When not busy with her children, Lorraine worked as an independent contractor serving in the role of Collaborative Coordinator with the Char-Em Human Services Coordinating Body organizations for ten years. Among other things, she was involved in bringing the first Project Connect to our area, wrote a 10-year plan to end homelessness in Charlevoix and Emmet counties, and organized the first suicide prevention workgroup, which continues today. Lorraine owns NorthStar Consulting and has contracted with various for profit and not for profit organizations, working with them on board development, executive coaching and strategic planning. Lorraine served as the Executive Director of the Otsego County United Way for 2.5 years before joining Char-Em United Way in that role in 2013.

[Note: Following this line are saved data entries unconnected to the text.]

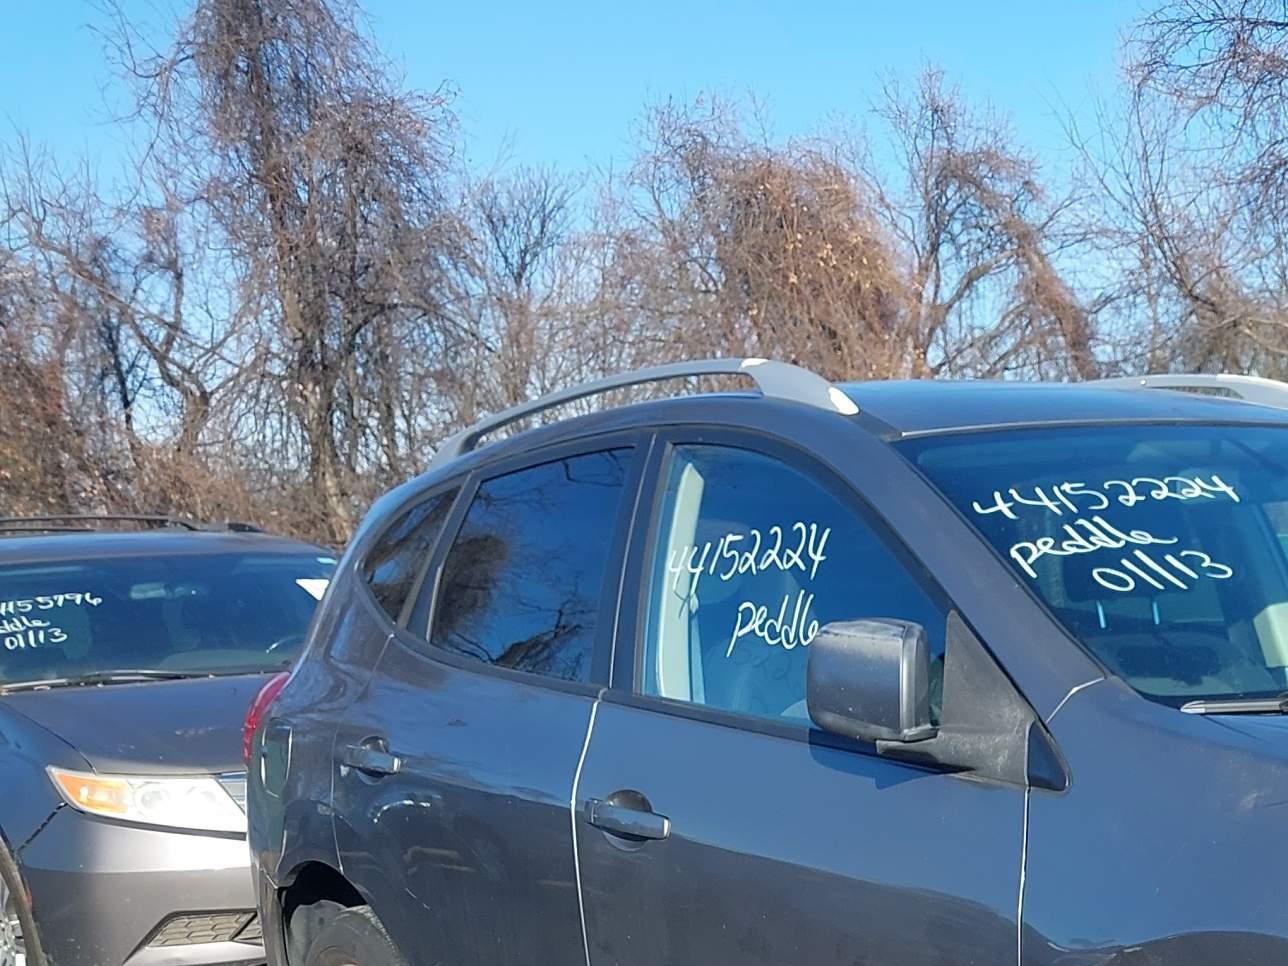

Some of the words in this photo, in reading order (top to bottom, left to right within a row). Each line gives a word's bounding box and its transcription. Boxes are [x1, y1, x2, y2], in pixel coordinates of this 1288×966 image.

[972, 475, 1240, 520] 44152224
[668, 521, 831, 594] 44152224
[1010, 515, 1178, 578] peddle
[1092, 550, 1233, 592] 01/13
[726, 590, 819, 658] peddle
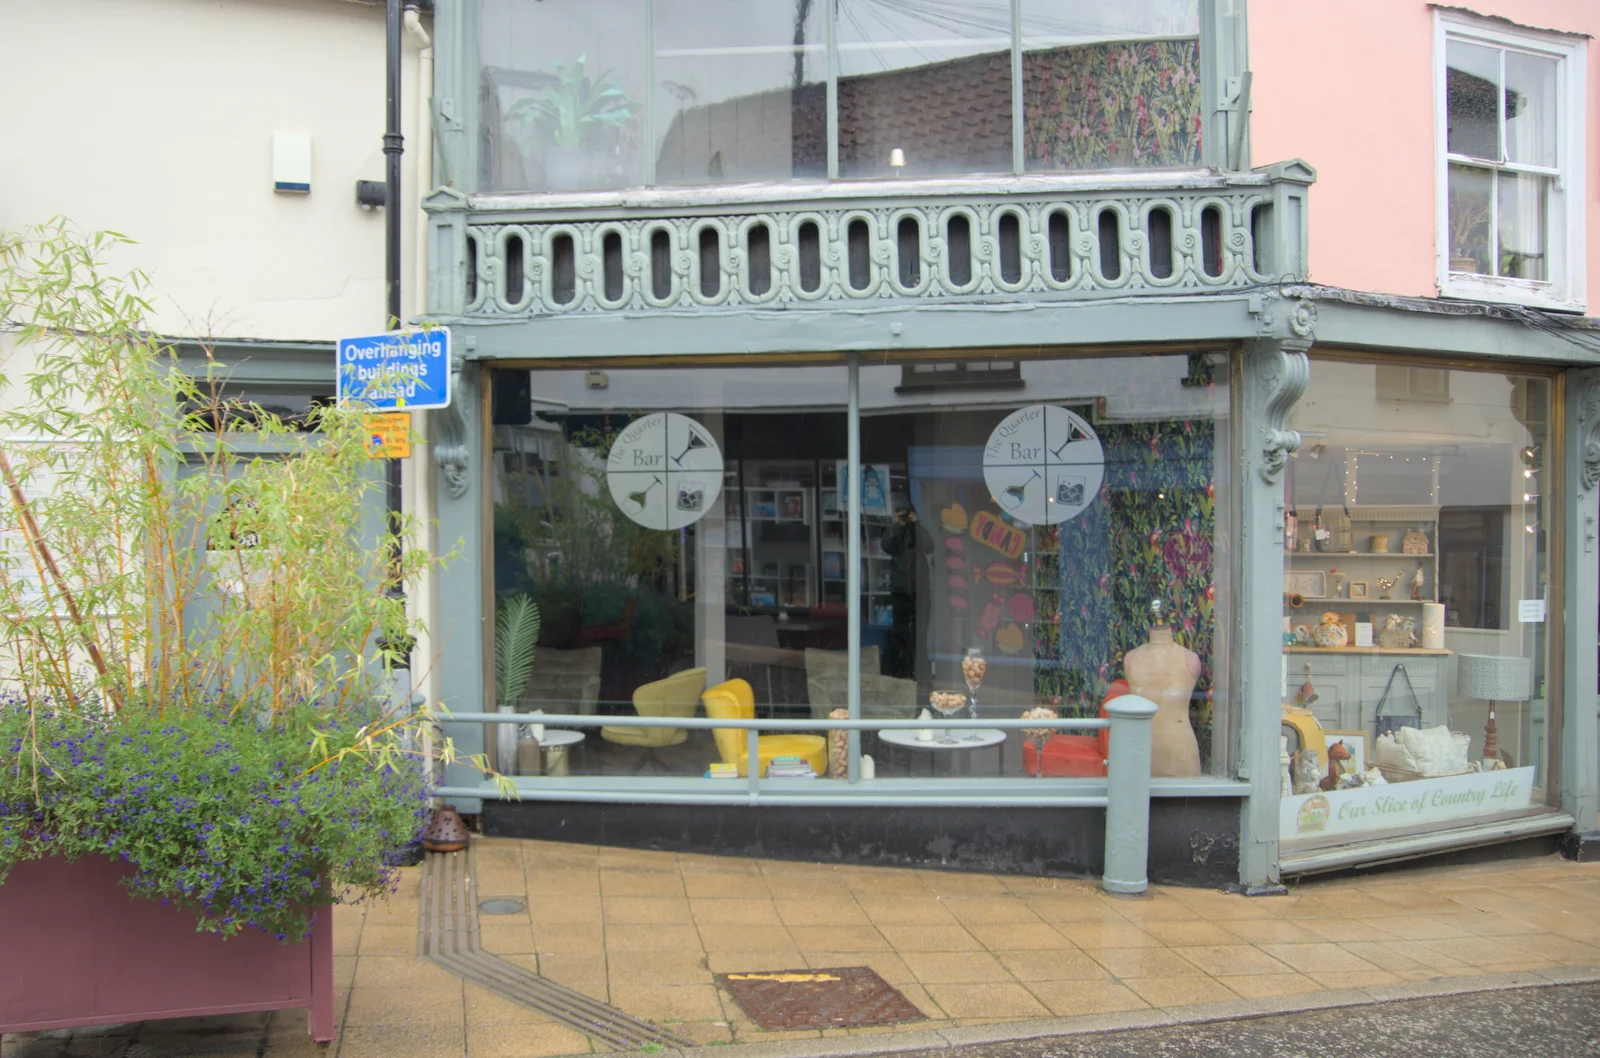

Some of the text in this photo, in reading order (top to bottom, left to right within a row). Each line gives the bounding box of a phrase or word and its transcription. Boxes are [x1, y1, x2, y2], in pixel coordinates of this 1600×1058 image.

[345, 339, 442, 361] Overhanging
[610, 418, 662, 465] The Quarter
[986, 409, 1041, 460] The Quarter
[633, 449, 663, 466] Bar
[1010, 442, 1041, 460] Bar
[1337, 780, 1519, 820] Our Slice of Country Life
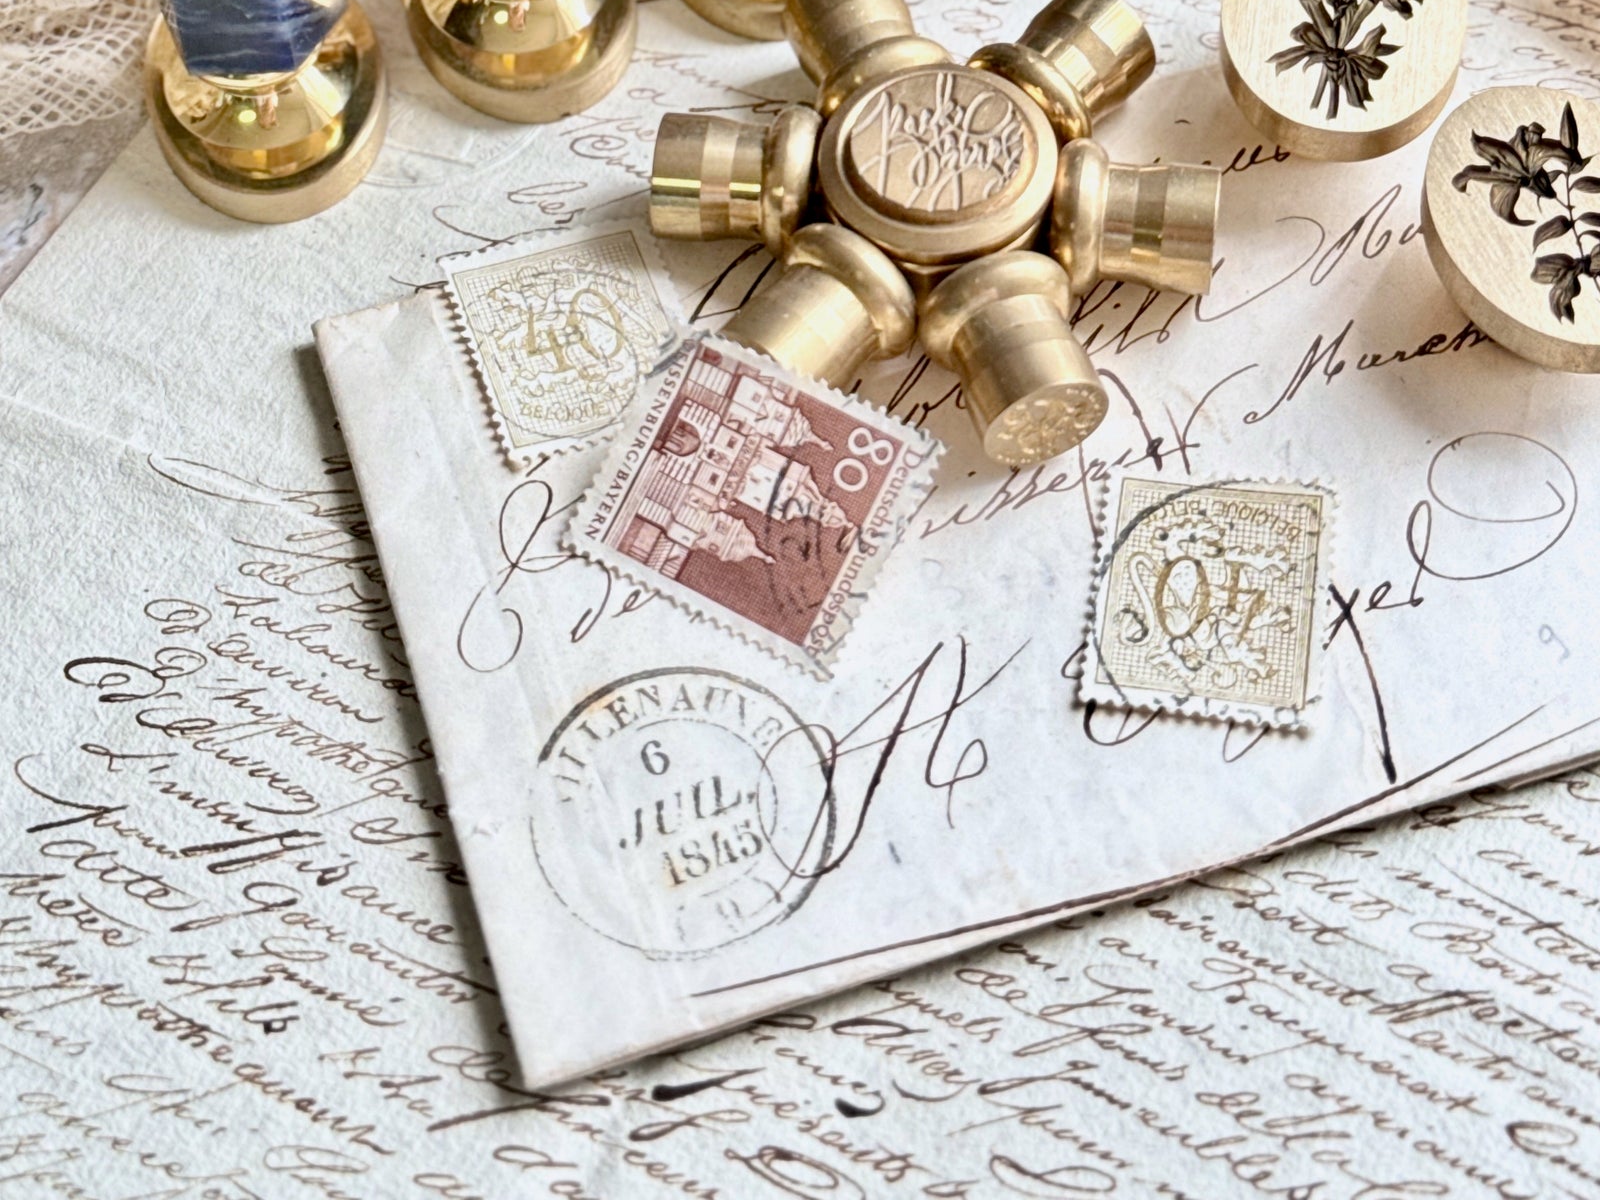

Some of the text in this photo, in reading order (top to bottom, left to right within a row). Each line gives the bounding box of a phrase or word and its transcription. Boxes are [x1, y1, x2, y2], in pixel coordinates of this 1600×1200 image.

“I started at North Central when my children were in school and attended part time. My goal was to have a college degree before my children did, and I was able to do so. Three of us were in college at the same time for a while prior to my earning the Master’s Degree. During this time I was working part time, advocating and caring for my daughter Amanda (who has Down Syndrome), and caring for my older two children as they completed high school and started attending college.” Lorraine graduated with honors from North Central is 1997. She has a Bachelor of Arts degree from Spring Arbor University and a Master of Arts in Organizational Management, also from Spring Arbor.
TRAVIS MULHAUSER - 1998
In some ways, I grew up at North Central. My mom, JoAnna Kolodziej, has taught at the College since the late 70s. She started part-time, teaching nights, and I remember her taking me to class with her when I was little. I used to sit in the back with a coloring book or football cards to keep me occupied and I have fond memories of the warmth and generosity of her students and classrooms. Years later, as a student, I remember stopping by her office to see if she had any snacks in her desk - she usually did - and I remember her brightly painted walls filled with children’s artwork.
One of the most impactful teachers in my life was James McCullough. I took every class he taught and I’ve written a lot about his influence on me as a writer and a person. And there were many other teachers that helped ease me along and eventually graduate in 1998. Now I’m a writer and am proud to note that my first novel, Sweetgirl, (Ecco/Harper Collins) was long-listed for The Center for Fiction’s First Novel Prize, was a Michigan Notable Book Award winner in 2017, an Indie Next Pick, and named one of Ploughshares Best Books of the New Year. I am also the author of Greetings from Cutler County: A Novella and Stories.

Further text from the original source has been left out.